Collected at: https://phys.org/news/2024-12-theory-based-approach-access-quarks.html

Nuclear theorists at Brookhaven National Laboratory and Argonne National Laboratory have successfully employed a new theoretical approach to calculate the Collins-Soper kernel, a quantity that describes how the distribution of quarks’ transverse momentum inside a proton changes with the collision energy.

The research is published in the journal Physical Review D.

The new calculation precisely matches model-based reconstructions from particle collision data. It is particularly effective for quarks with low transverse momenta, where earlier methods fell short.

This theory-based approach provides the first accurate calculations of how the distribution of quarks’ transverse momentum within protons changes with collision energy. The approach will provide significantly more accurate theoretical predictions for the small transverse motions of quarks inside protons. This will eliminate the need to model the most complex strong-force governed quark-gluon interactions.

The team used lattice quantum chromodynamics (QCD), supercomputer-based simulations that track quark-gluon interactions on a 4D space-time lattice. The new theoretical approach enabled the team to significantly simplify their lattice QCD calculations and obtain precise results for even the small transverse motion of quarks, where the quark-gluon interactions become strong and complex.

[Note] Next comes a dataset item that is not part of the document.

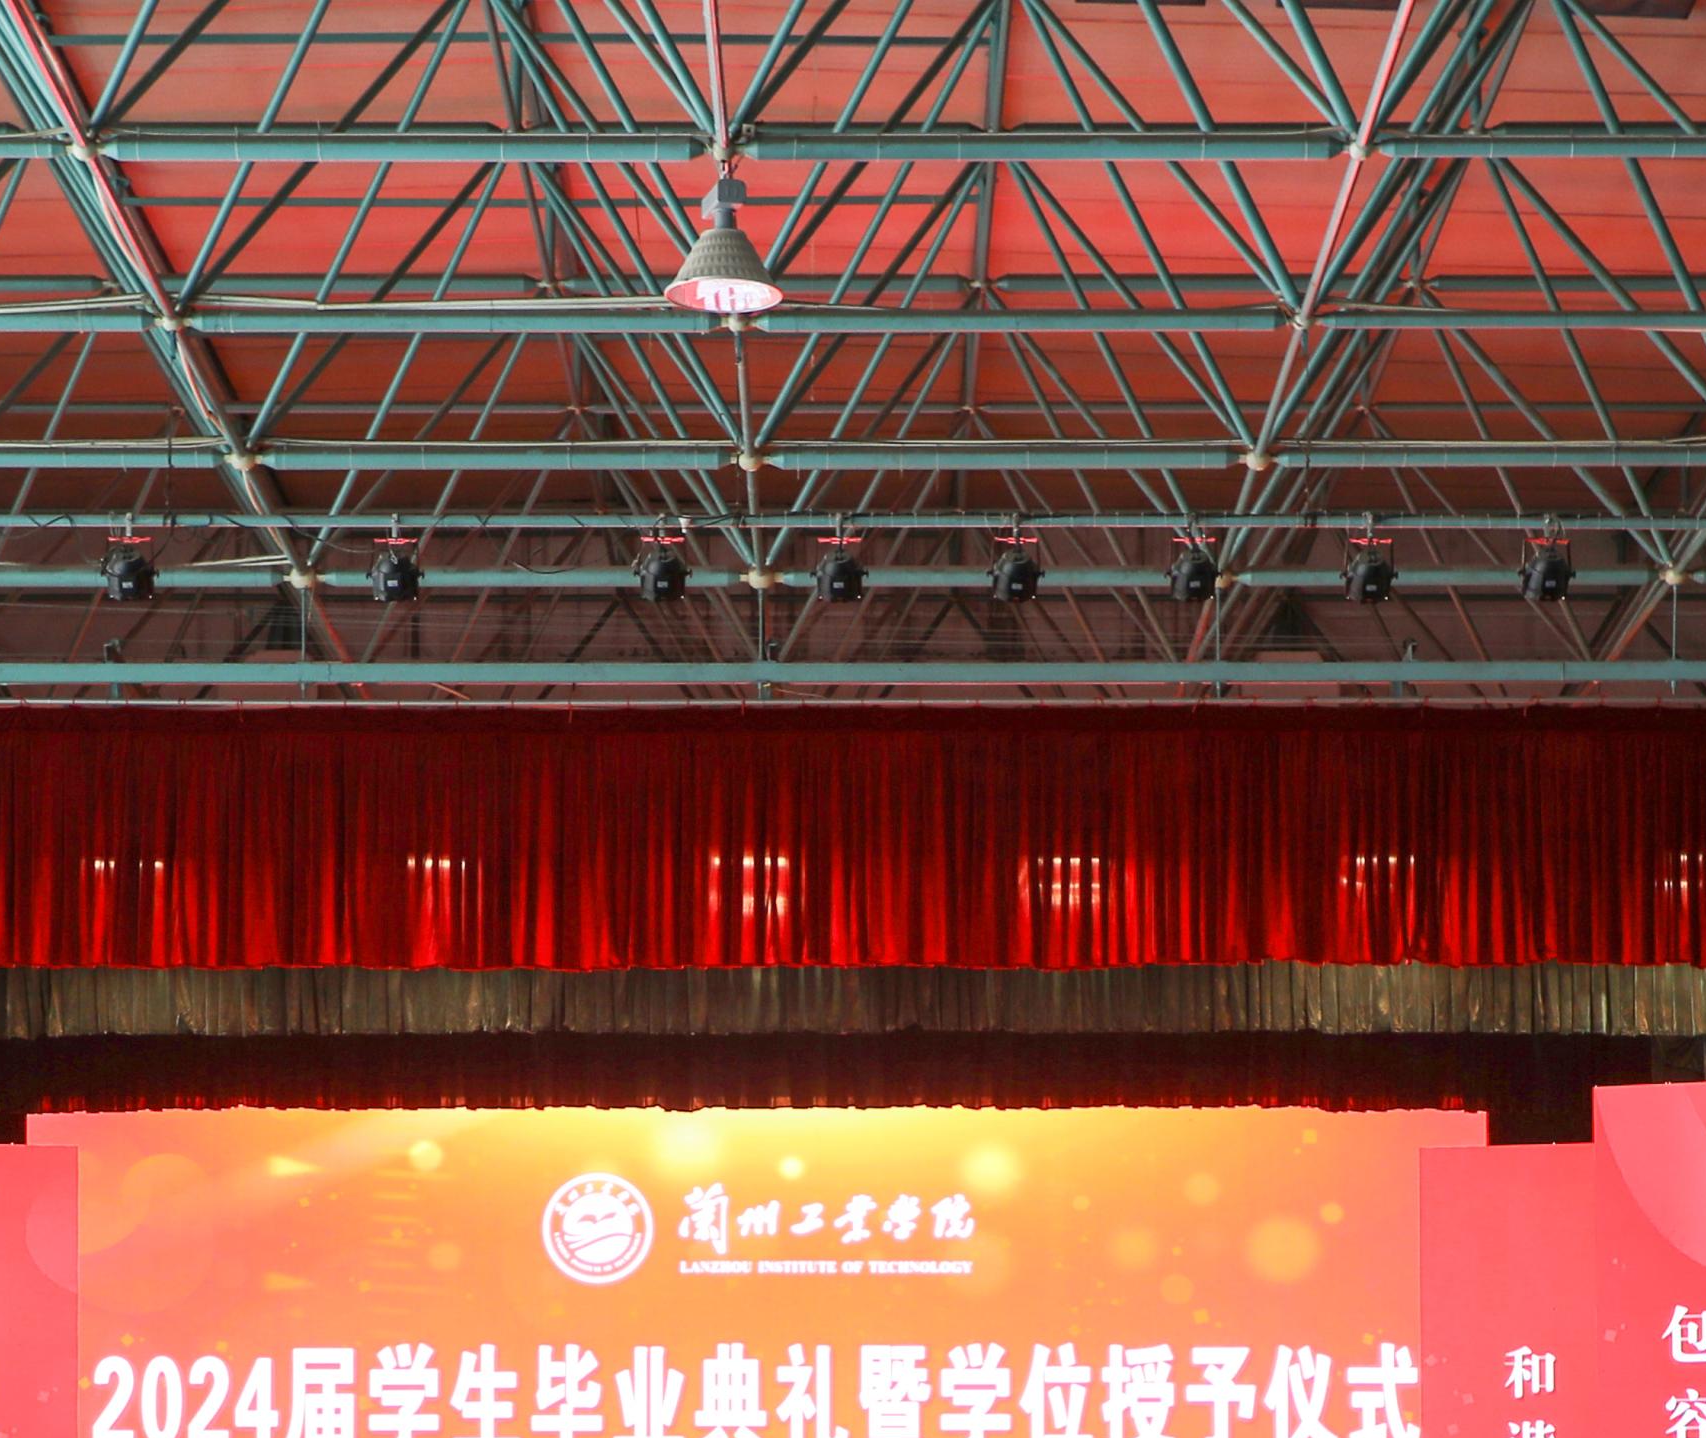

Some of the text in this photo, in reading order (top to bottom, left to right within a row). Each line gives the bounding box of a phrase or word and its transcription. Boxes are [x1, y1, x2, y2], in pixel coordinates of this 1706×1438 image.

Such precise descriptions of the small transverse motion of quarks could not be achieved in previous lattice QCD calculations that used more conventional approaches.

The new results for low-transverse-momentum quarks are consistent with previous results but are much more precise and have significantly smaller uncertainties. They also match up with models developed to explain existing experimental data.

These achievements demonstrate that the new approach can be used to predict and interpret future experimental results at different collision energies at the future Collider EIC, which is being built at Brookhaven National Laboratory, and the European Large Hadron Collider.

Physicists will use these predictions and experiments to learn about quarks’ small transverse motion within protons and how that motion contributes to proton spin.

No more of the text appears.